To get started mining patterns from massive datasets, download Apache Spark 1.5 or sign up for a 14-day free trial of Databricks today.
Discovering frequent patterns hiding in a big dataset has application across a broad range of use cases. Retailers may be interested in finding items that are frequently purchased together from a large transaction database. Biologists may be interested in frequent DNA or amino acid sequences. In Apache Spark 1.5, we have significantly improved Spark’s frequent pattern mining capabilities by adding algorithms for association rule generation and sequential pattern mining.
Association rules generation
Association rules are generated from frequent itemsets, subsets of items that appear frequently across transactions. Frequent itemset mining was first added in Spark 1.3 using the Parallel FP-growth algorithm. Spark 1.4 adds a new Python API for FP-growth. We refer readers to our previous blog post for more details.
In addition to identifying frequent itemsets, we are often interested in learning association rules.
For example, in a retailer’s transaction database, a rule {toothbrush, floss} => {toothpaste} with a confidence value 0.8 would indicate that 80% of customers who buy a toothbrush and floss also purchase a toothpaste in the same transaction. The retailer could then use this information, put both toothbrush and floss on sale, but raise the price of toothpaste to increase overall profit.
Spark 1.5 adds support for distributed generation of association rules. Rule generation is done via a simple method call to FPGrowthModel with a min confidence value, for example:
val transactions: RDD[Array[String]] = ...

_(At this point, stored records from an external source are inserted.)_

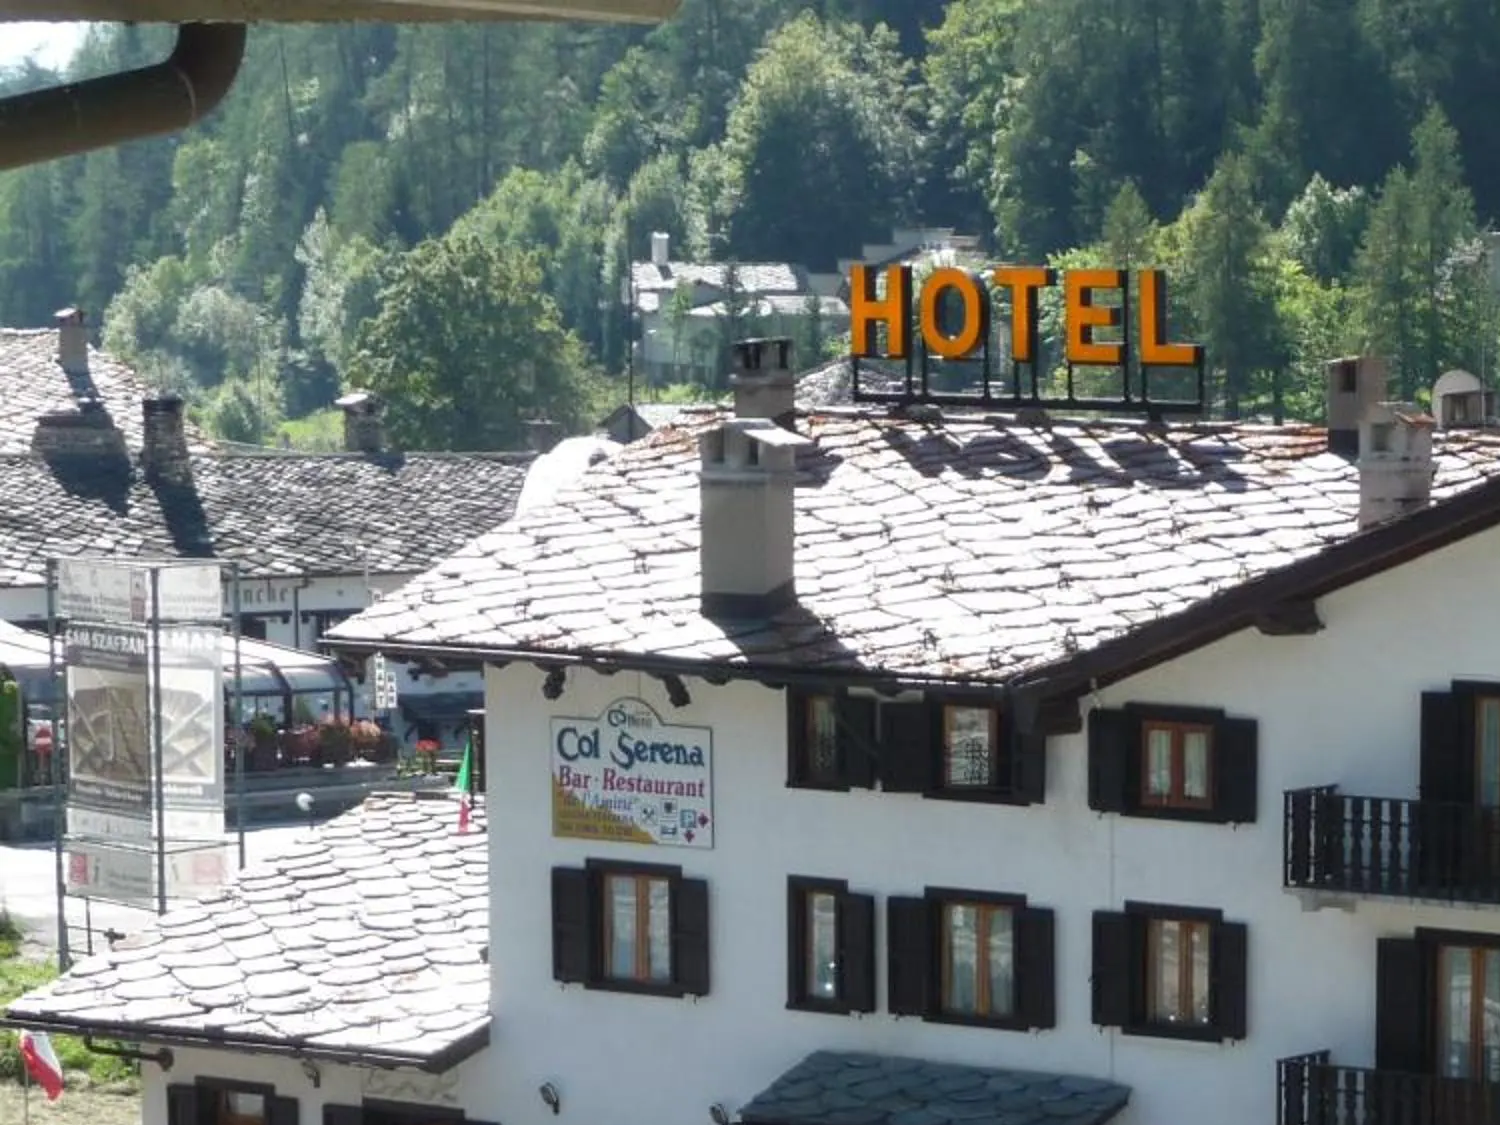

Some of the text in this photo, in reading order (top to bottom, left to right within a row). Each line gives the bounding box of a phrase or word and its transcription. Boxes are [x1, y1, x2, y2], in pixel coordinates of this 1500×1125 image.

[849, 263, 1203, 366] HOTEL
[556, 726, 705, 770] Col Serena
[558, 764, 706, 798] Bar Restaurant
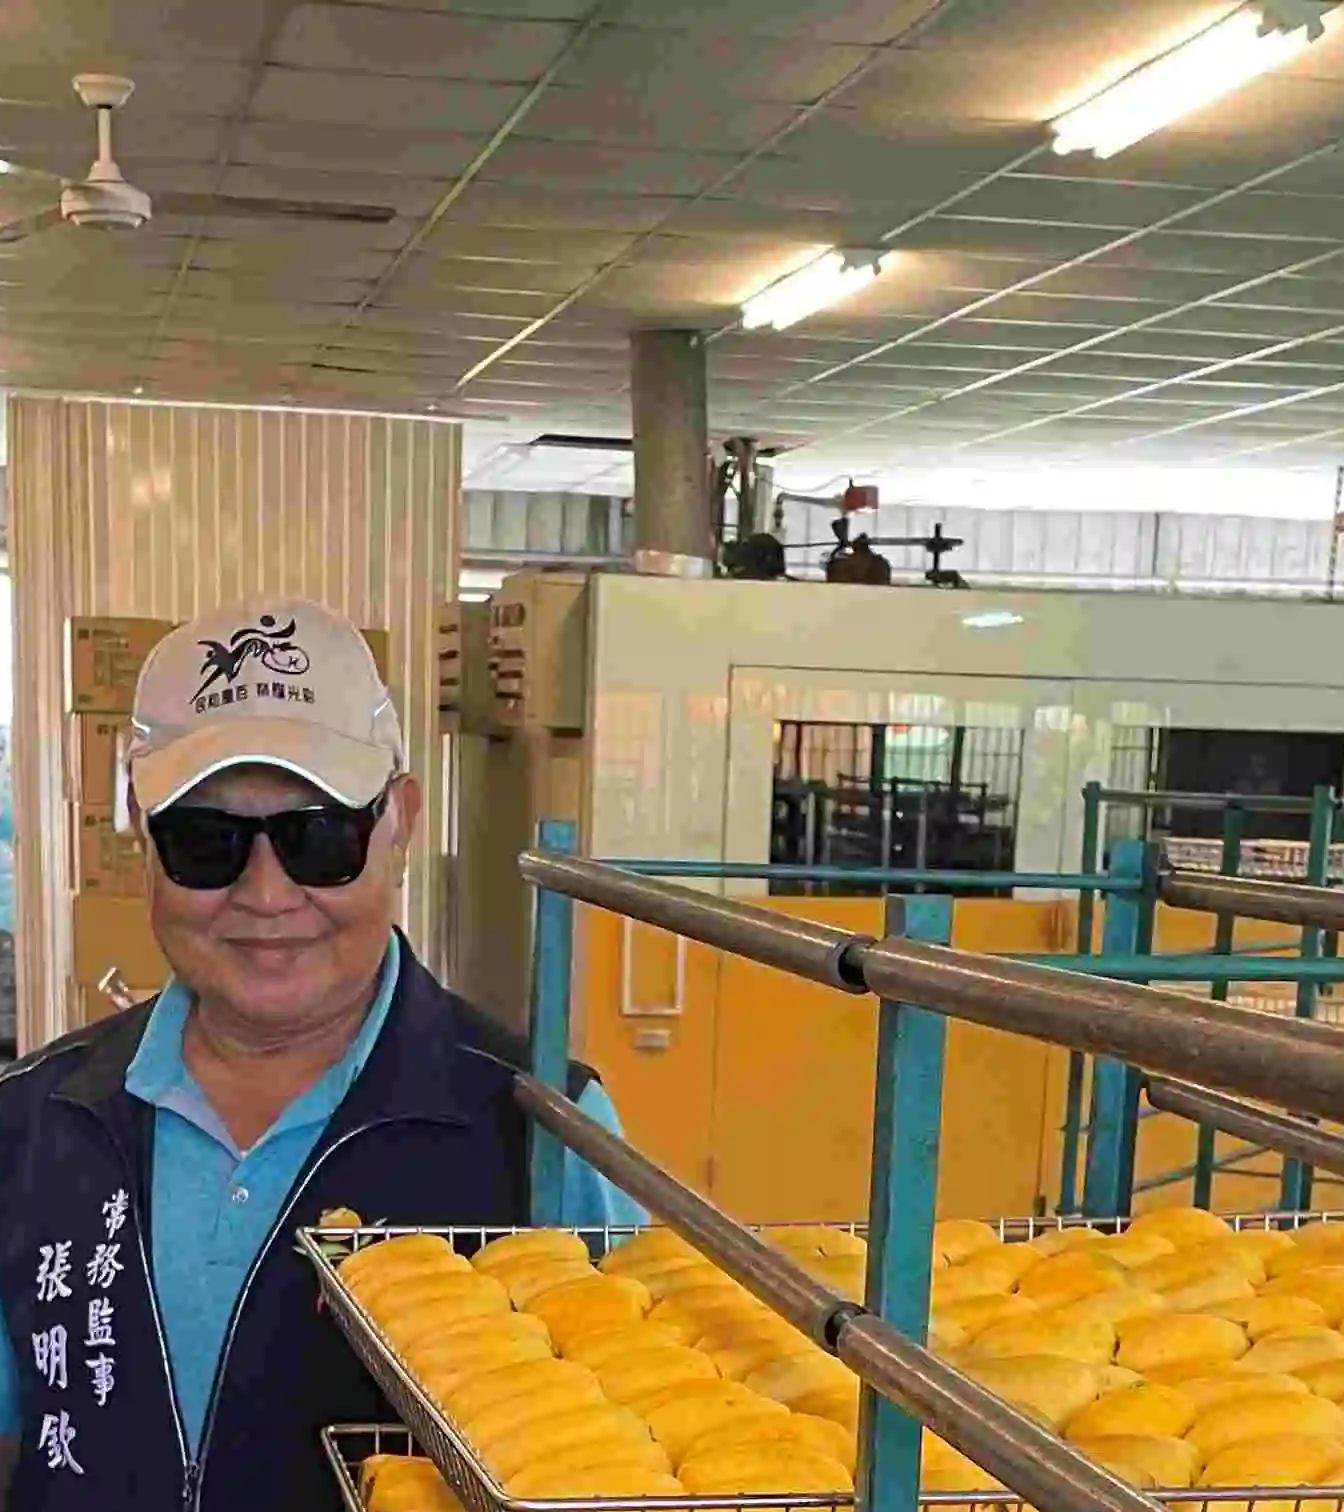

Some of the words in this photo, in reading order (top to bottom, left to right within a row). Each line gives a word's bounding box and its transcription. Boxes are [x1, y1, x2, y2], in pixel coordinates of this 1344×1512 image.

[31, 1239, 85, 1477] 張明欽
[83, 1188, 131, 1408] 常務監事

val model = new FPGrowth()
.setMinSupport(0.2)
.setNumPartitions(10)
.run(transactions)
val minConfidence = 0.8
model.generateAssociationRules(minConfidence).collect().foreach {
rule =>
println(rule.antecedent.mkString(",") + " => " +
rule.consequent.mkString(",")
)
}
Sequential pattern mining
Unlike frequent itemsets, where the items in a transaction are unordered, sequential pattern mining takes the order of items into account. In many use cases ranging from text mining to DNA sequence motif discovery, we care about the order in which items appear in a pattern.
Sequential pattern mining is widely used in Huawei, a Fortune Global 500 telecommunications company. For example, a mobile network of millions of users could generate several hundred GBs of session signaling data per day. Among the signaling sequences, we want to extract frequent sequential patterns like routing updates, activation failures, and broadcasting timeouts that could potentially lead to customer complaints. By identifying those patterns in real traffic, we can proactively reach out to customers with potential issues and help improve their experience.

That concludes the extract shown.